青蒿琥酯通过铁死亡途径抑制肝星状细胞活化的作用机制

Mechanism of artesunate in inhibiting hepatic stellate cell activation via ferroptosis

目的:探究青蒿琥酯(Art)诱导肝星状细胞(HSC)发生铁死亡进而改善肝纤维化(HF)病变损伤的作用及分子机制。方法:建立CCl4致大鼠HF模型,然后腹腔注射不同剂量Art治疗4周,HE、Masson、Sirius red染色考察Art对肝组织病变损伤的影响,ELISA试剂盒检测Art对肝功能指标的影响,Real-time qPCR检测HF指标;体外培养HSC-T6细胞系,给予不同剂量Art处理24 h,Western Blot、Real-time qPCR、免疫荧光检测HSC活化指标;转染P53 siRNA,Western Blot检测P53受调控后铁死亡相关指标的影响。结果:各染色结果表明Art在体内能够改善HF病变损伤。ELISA试剂盒检测表明,与正常对照组比较,模型组ALT、AST表达水平显著升高(P<0.01),而各剂量Art较模型组能够显著降低ALT、AST表达水平(P<0.05,P<0.01),Real-time qPCR检测表明,与模型组比较,Art能够剂量依赖性地下调CollagenⅠ和α-SMA表达水平(P<0.05,P<0.01);Art可以降低HSC活化标志物CollagenⅠ、α-SMA和Fibronectin蛋白和mRNA表达水平(P<0.05),并呈现剂量依赖性,同时免疫荧光实验结果发现,CollagenⅠ以及α-SMA表达能够被Art降低(P<0.05),并呈现剂量依赖的趋势;Western Blot检测发现,Art可以显著下调HSC活化指标,而铁死亡抑制剂Fer-1显著降低了Art诱导的抑制α-SMA、CollagenⅠ表达的作用;而P53 siRNA可以抵消Art抑制α-SMA、CollagenⅠ和Fibronectin表达的影响。结论:Art通过调控P53蛋白诱导HSC铁死亡改善HF病变损伤。

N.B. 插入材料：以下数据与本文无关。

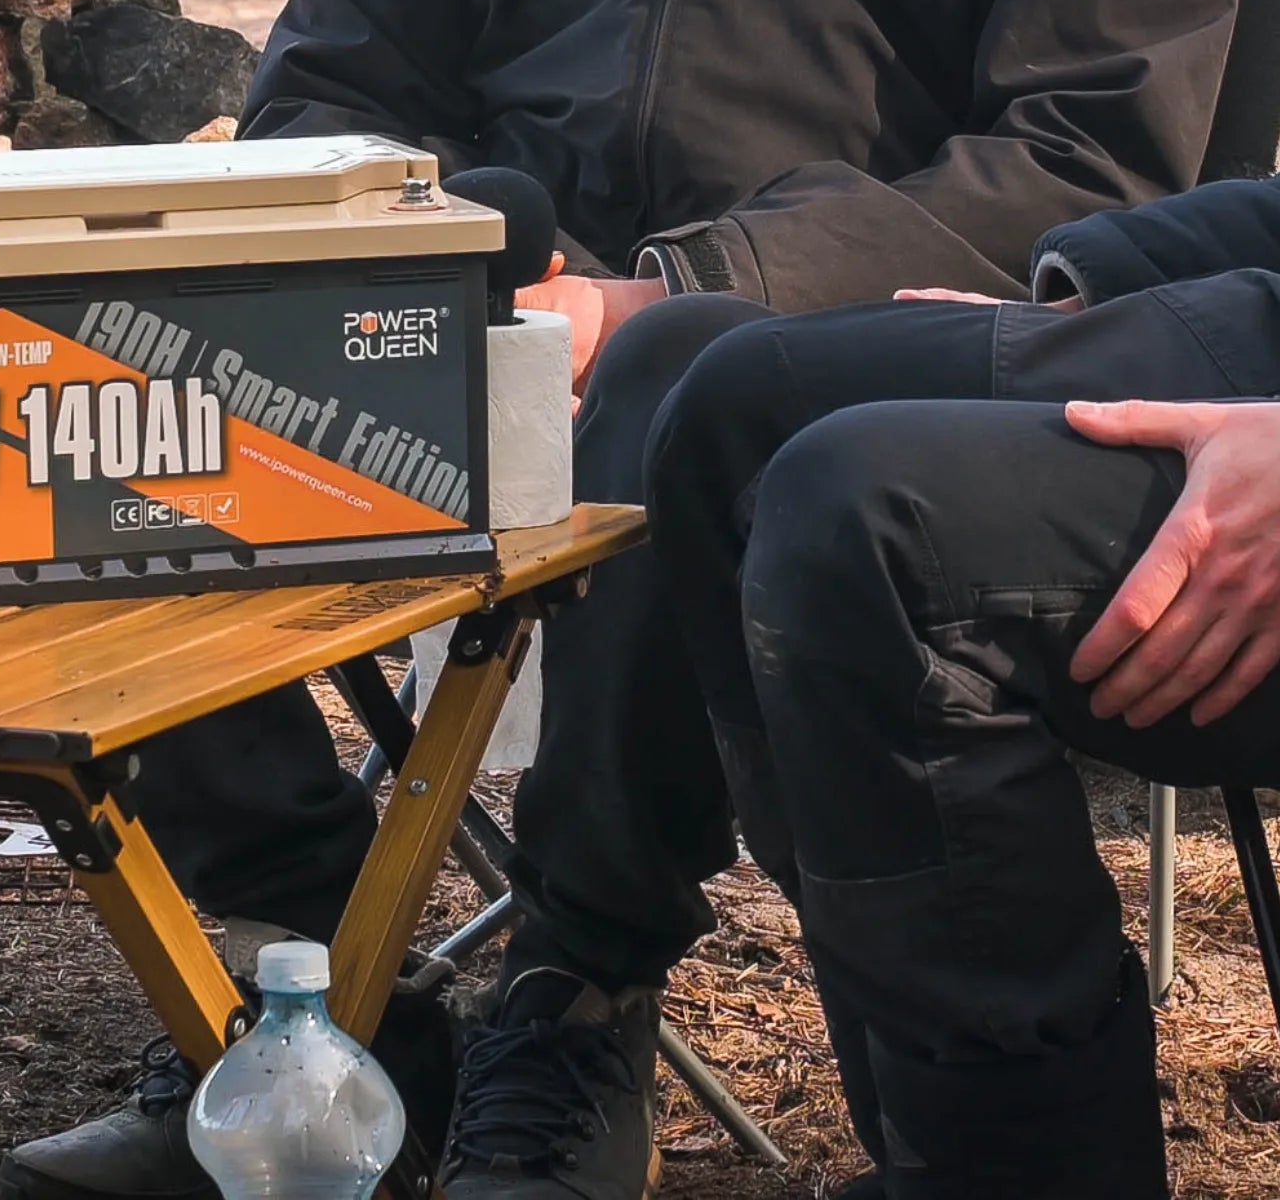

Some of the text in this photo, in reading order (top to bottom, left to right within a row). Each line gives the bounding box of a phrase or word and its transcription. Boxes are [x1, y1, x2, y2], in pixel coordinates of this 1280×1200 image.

[344, 308, 438, 335] POWER
[344, 332, 438, 361] QUEEN
[20, 376, 223, 485] 140Ah
[204, 348, 339, 454] Smart
[239, 443, 373, 513] www.ipowerqueen.com

Objective:To explore the molecular mechanism of artesunate(Art)in improving hepatic fibrosis(HF)by inducing HSC ferroptosis.Methods:The classic CCl4-induced HF model was established,and Art was intraperitoneally injected for 4 weeks.H&E staining,Masson staining and Sirius red staining were used to investigate the effect of Art on liver injury,and ELISA assay was used to detect the effects of Art on liver function indexes,and Realtime qPCR was used to detect the expression level of HF markers.HSC cells were treated with different doses of Art for 24 h.Western Blot,Real-time qPCR and immunofluorescence were used to detect the HSC activation markers.Transfection P53 si RNA,Western Blot was used to detect the ferroptosis inhibitors or P53 inhibitors.Results:The results of HE,Masson and Sirius red staining showed that Art could improve liver fibrosis lesion damage in vivo,and the ELISA kit showed that the expression levels of ALT and AST were significantly increased in the model group compared with the standard control group(P<0.01).In contrast,each dose of Art could significantly reduce the expression levels of ALT and AST(P<0.05,P<0.01),Real-time qPCR showed that Art could dose-dependently downregulate the expression levels of CollagenⅠandα-SMA(P<0.05,P<0.01);Art could reduce the expression levels of HSC activation markers CollagenⅠ,α-SMA and Fibronectin protein and mRNA(P<0.05),and showed dose-dependence,while the results of immunofluorescence assay revealed that the expression of CollagenⅠas well asα-SMA could be reduced by Art(P<0.05)and showed a dose-dependent trend;Western Blot assay revealed that Art could significantly down-regulate HSC activation markers,while ferrostatin-1(Fer-1),a ferroptosis inhibitor,significantly reduced artesunate-induced inhibition ofα-SMA,CollagenⅠexpression;and Art significantly downregulated HSC activation indexes,while P53 siRNA counteracted the effect of Art-induced inhibition ofα-SMA,CollagenⅠand Fibronectin expression.Conclusion:Art inhibits HSC activation by inducing P53-dependent HSC ferroptosis.